If you’ve ever taken an untrained dog to a beginning obedience class, you probably remember the paradox: The dog acts so wild that it’s almost impossible to register him for the first lesson. You try to ask whether you’ve come to the right class at the right time, but your dog begins yelping so loudly that you can’t hear the answer. Somebody hands you a pen and a registration form, but you can’t fill in the form or write a check because your dog, who has already wrapped his leash around your ankles, suddenly lunges at a beast four times his size, thus jerking the pen from your hand and your feet from under you. As your head cracks the floor, you wish you’d see stars—beautiful and imaginary—but what glows before your eyes is a hideous vision of the future: week after week of this unremitting humiliation at the paws and jaws of man’s best friend.

But if you’re lucky enough to show up at the Cambridge Dog Training Club, a round, bright-eyed face suddenly looms over you. One small, rather pudgy hand reaches down to pull you up, while another, equally small and pudgy, grips your dog’s leash with surprising strength. “It’s happened to all of us,” a cheery voice assures you. This woman has to be
lying. You don’t care. You’re grateful someone has taken charge. She goes on: “You’re all right, aren’t you? Of course you are. Here, I’ll hold him for you.” You have met Hope Wilson.

According to the membership lists distributed yearly by the Cambridge Dog Training Club, Hope has wirehaired pointing griffons.

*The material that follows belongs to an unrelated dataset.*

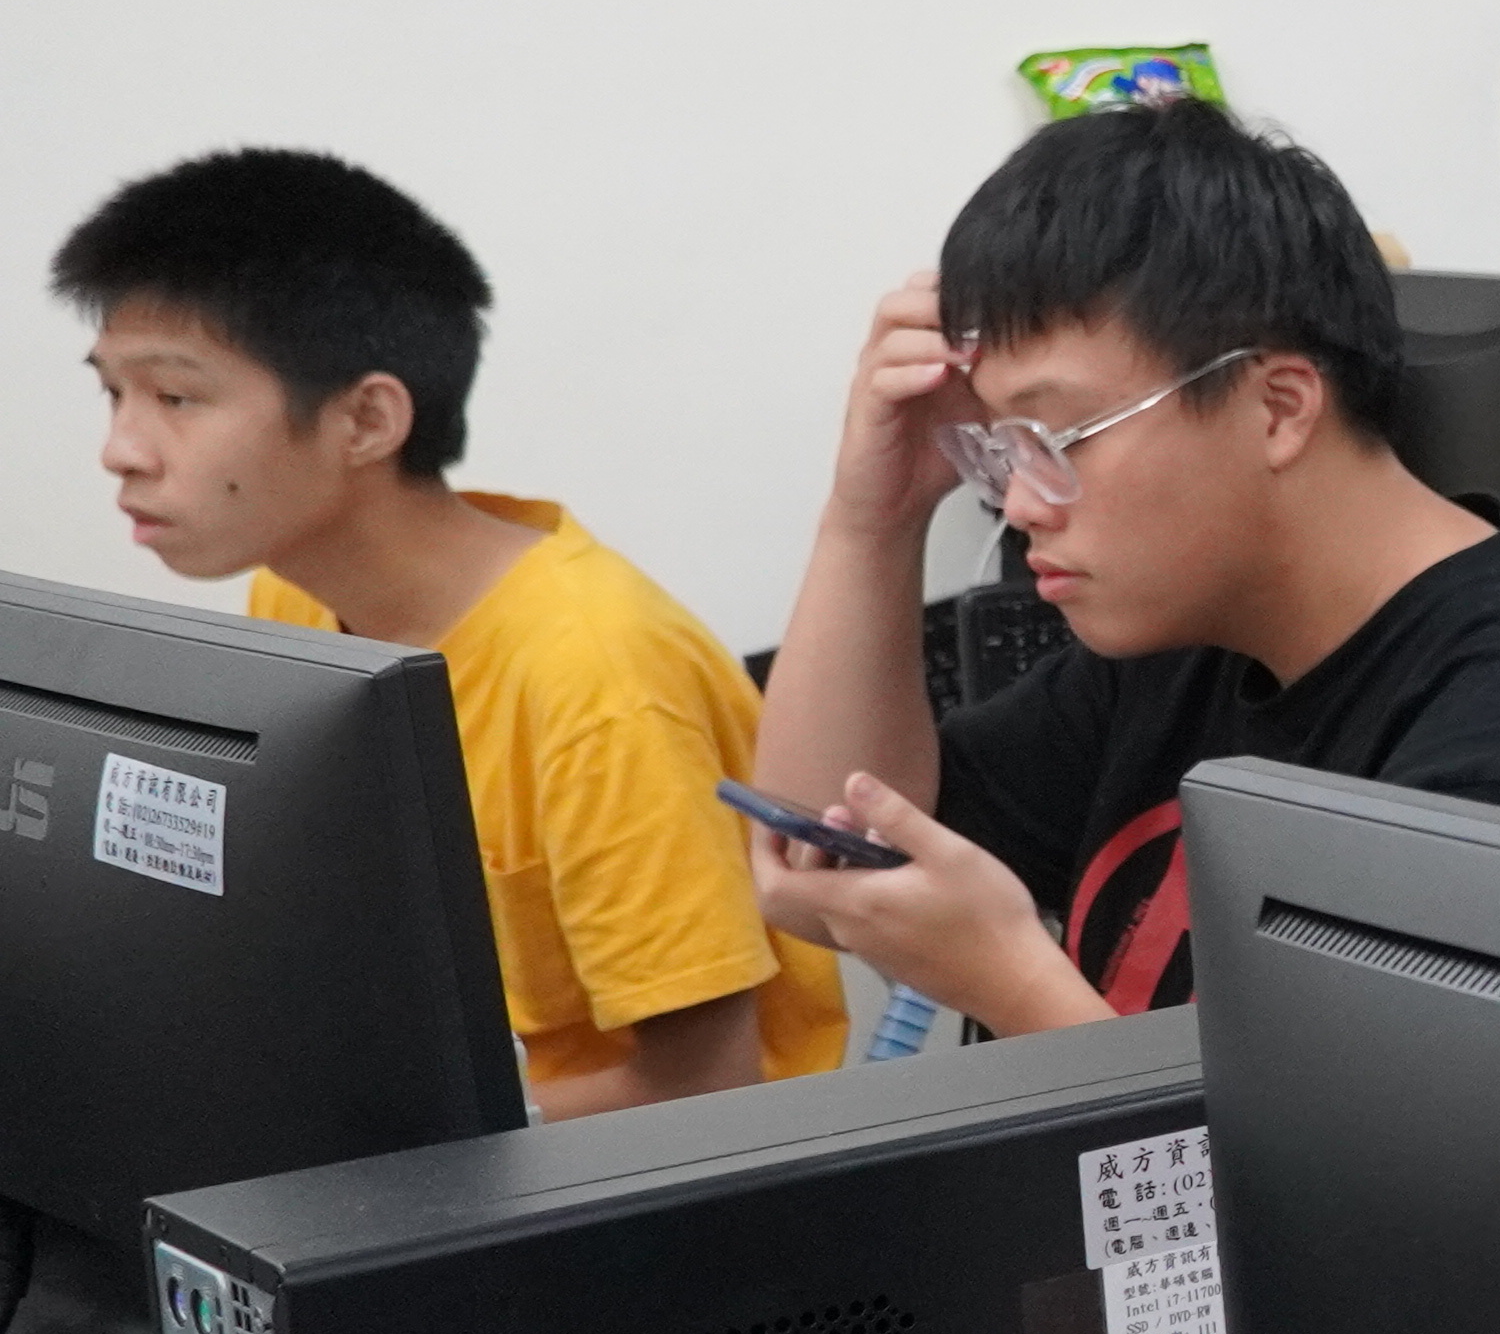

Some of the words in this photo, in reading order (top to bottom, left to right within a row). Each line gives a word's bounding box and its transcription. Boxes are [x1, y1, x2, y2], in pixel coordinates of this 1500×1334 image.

[1126, 1299, 1159, 1318] Intel
[1167, 1283, 1221, 1308] i7-11700
[1169, 1304, 1211, 1325] DVD-RW

It may well be that she does. For all I know, she may own and train five or ten of them, in other words, a high proportion of the United States population of the breed, which is recognized by the American Kennel Club, but very few individuals. It’s a terrific breed, but let’s face it: How much demand is there, really, for a dog specifically developed to hunt in Dutch and French swamps? And, membership lists or no membership lists, it’s hard to imagine plump, soft-skinned, gentle Hope with gum boots on her feet, mosquito netting on her head, and a rifle slung over her arm, plodding from tussock to tussock in fatal quest of harmless avian marsh-dwellers. Of course, it’s probably also hard to imagine some Inuit version of me, mukluk-shod and fur-swathed, vaulting over the leads from floe to floe, but everyone’s seen me with my malamutes, and no one’s ever seen Hope with any kind of dog at all.